Maroc-Afrique : « Les principaux concurrents du royaume sont Pretoria, Alger et Paris »

Malgré la forte concurrence au sud du Sahara, le royaume dispose d’importants atouts tant historiques que modernes, que détaille un récent ouvrage.

Le groupe marocain Attijariwafa Bank est l’un des plus importants opérateurs du royaume au sud du Sahara. © Laurent Vincenti/Licence CC

Le groupe marocain Attijariwafa Bank est l’un des plus importants opérateurs du royaume au sud du Sahara. © Laurent Vincenti/Licence CC

ESTELLE-MAUSSION_2024

Publié le 3 septembre 2020 Lecture : 3 minutes.

Radiographier les investissements directs étrangers (IDE) marocains sur le continent.
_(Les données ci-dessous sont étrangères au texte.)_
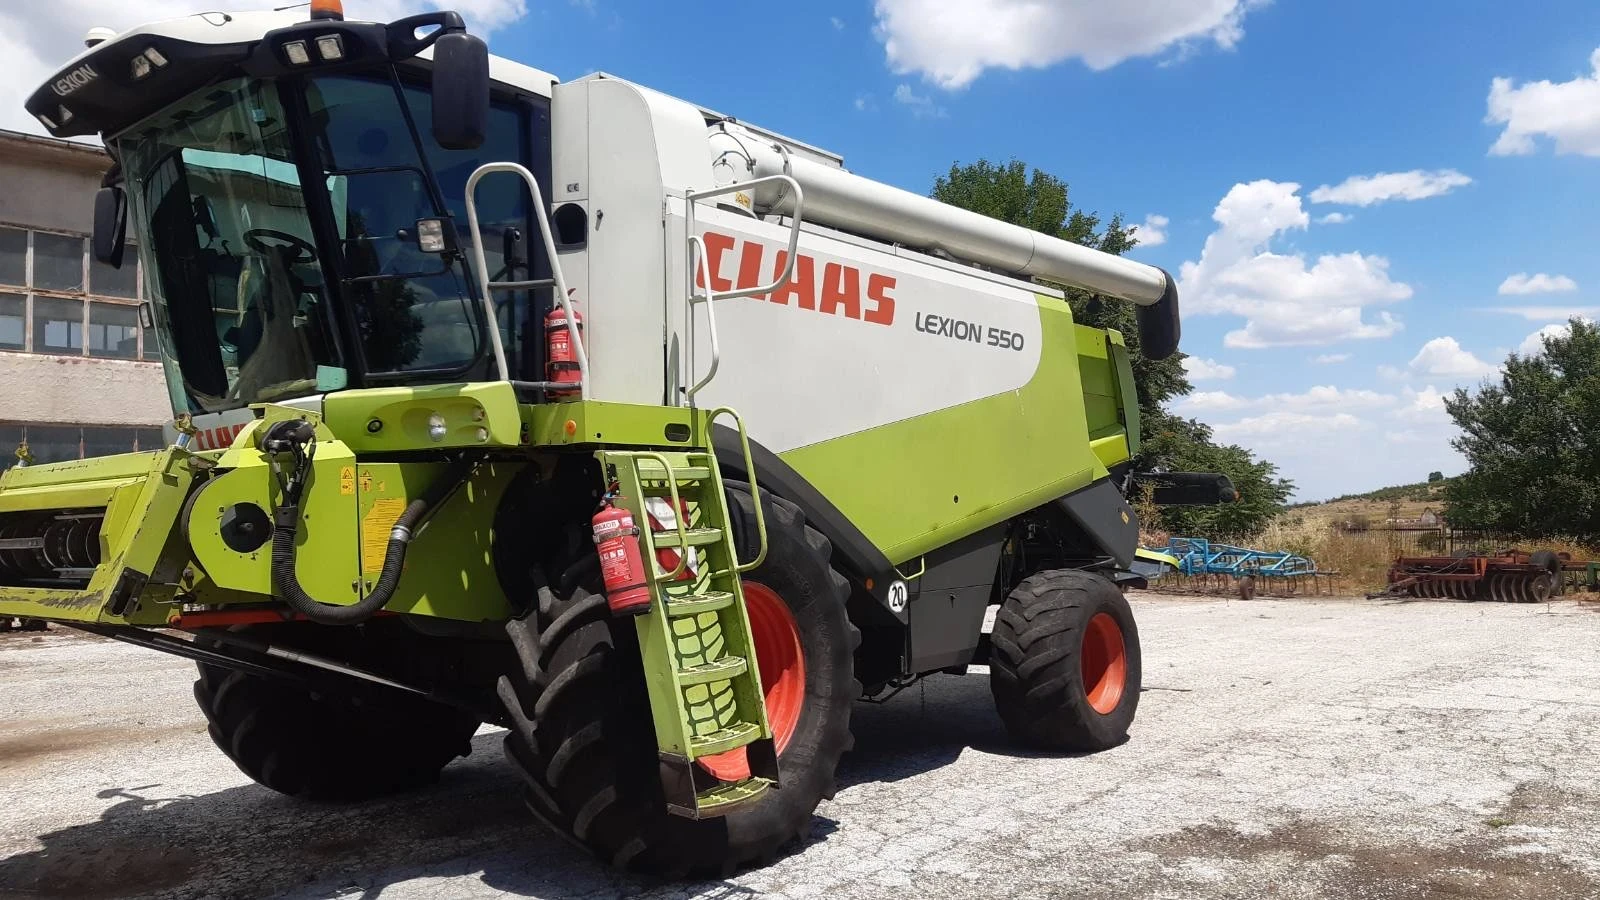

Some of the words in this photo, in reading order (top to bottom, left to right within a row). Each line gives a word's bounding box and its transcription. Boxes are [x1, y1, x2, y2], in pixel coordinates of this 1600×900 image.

[51, 63, 98, 96] LEXION
[696, 231, 897, 326] CLAAS
[915, 311, 983, 343] LEXION
[987, 327, 1025, 351] 550
[892, 585, 904, 607] 20
C’est le travail qu’a effectué le chercheur Ahmed Iraqi, docteur en relations économiques internationales de l’Université Abdelmalek-Essaâdi de Tétouan (nord du Maroc), dans un ouvrage publié en début d’année chez L’Harmattan Géopolitique des investissements marocains en Afrique – Entre intérêt économique et usage politique.

Si selon le World Investment Report 2019, la France conserve le plus important stock d’IDE sur le continent (64 milliards de dollars à la fin 2017), l’ouvrage analyse la nette progression réalisée par les acteurs économiques du royaume sur le continent.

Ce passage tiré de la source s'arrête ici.